* **ASSIGNMENT**: Your output should reproduce each entry exactly, with none of its pictures.

* **MATERIAL FOR THE TASK**:
——————

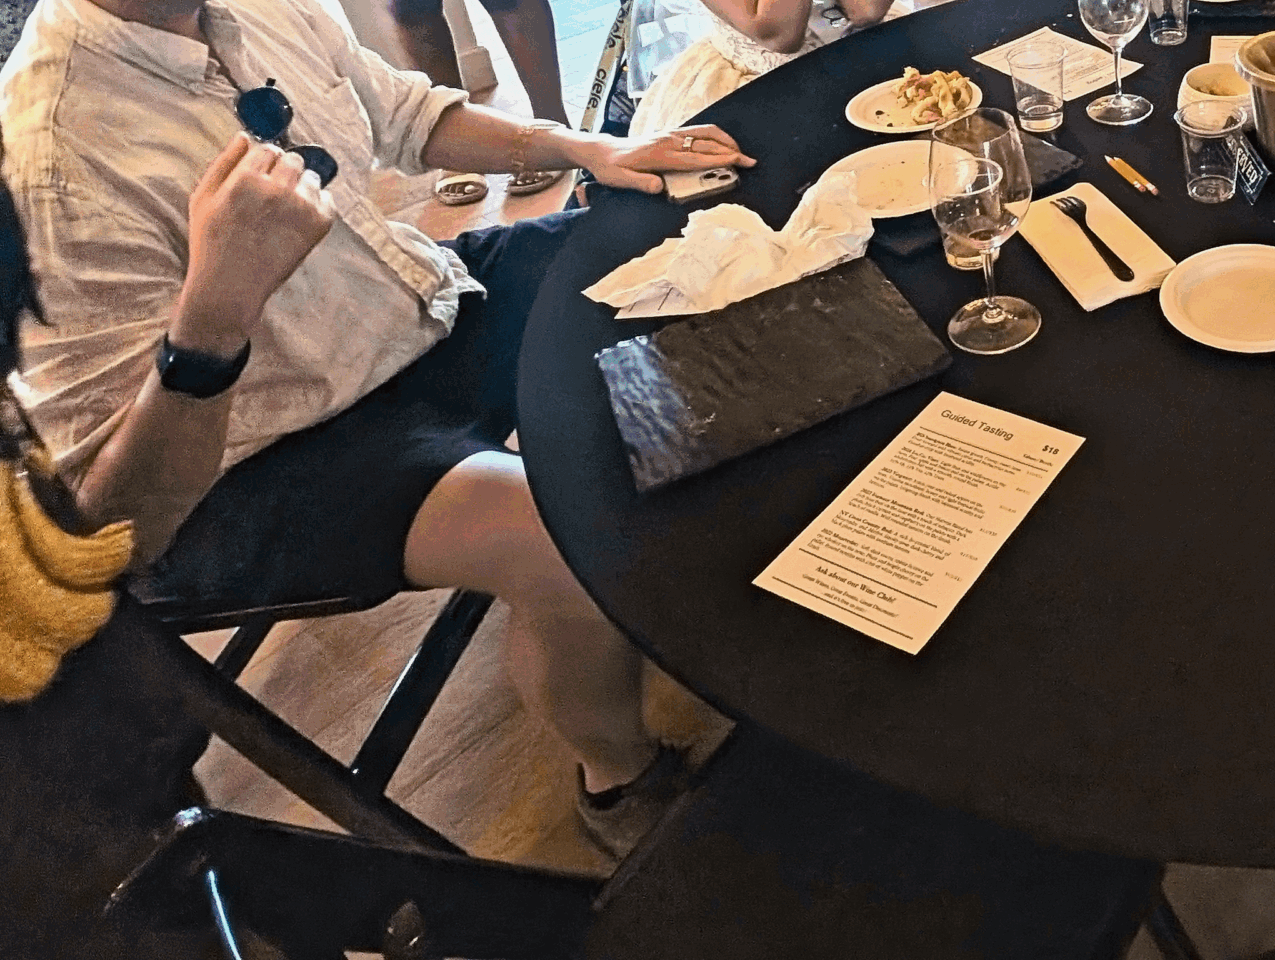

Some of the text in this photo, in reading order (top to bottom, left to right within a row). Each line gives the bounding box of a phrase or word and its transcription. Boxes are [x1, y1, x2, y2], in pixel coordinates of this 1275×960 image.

[586, 68, 607, 111] ciele.
[940, 409, 1014, 441] Guided Tasting
[1041, 444, 1059, 454] $18
[815, 565, 896, 603] Ask about our Wine Club!

——————

* **YOUR RESPONSE**:
Some of the text in this photo, in reading order (top to bottom, left to right within a row). Each line gives the bounding box of a phrase or word and its transcription. Boxes are [x1, y1, x2, y2], in pixel coordinates of this 1275×960 image.

[586, 68, 607, 111] ciele.
[940, 409, 1014, 441] Guided Tasting
[1041, 444, 1059, 454] $18
[815, 565, 896, 603] Ask about our Wine Club!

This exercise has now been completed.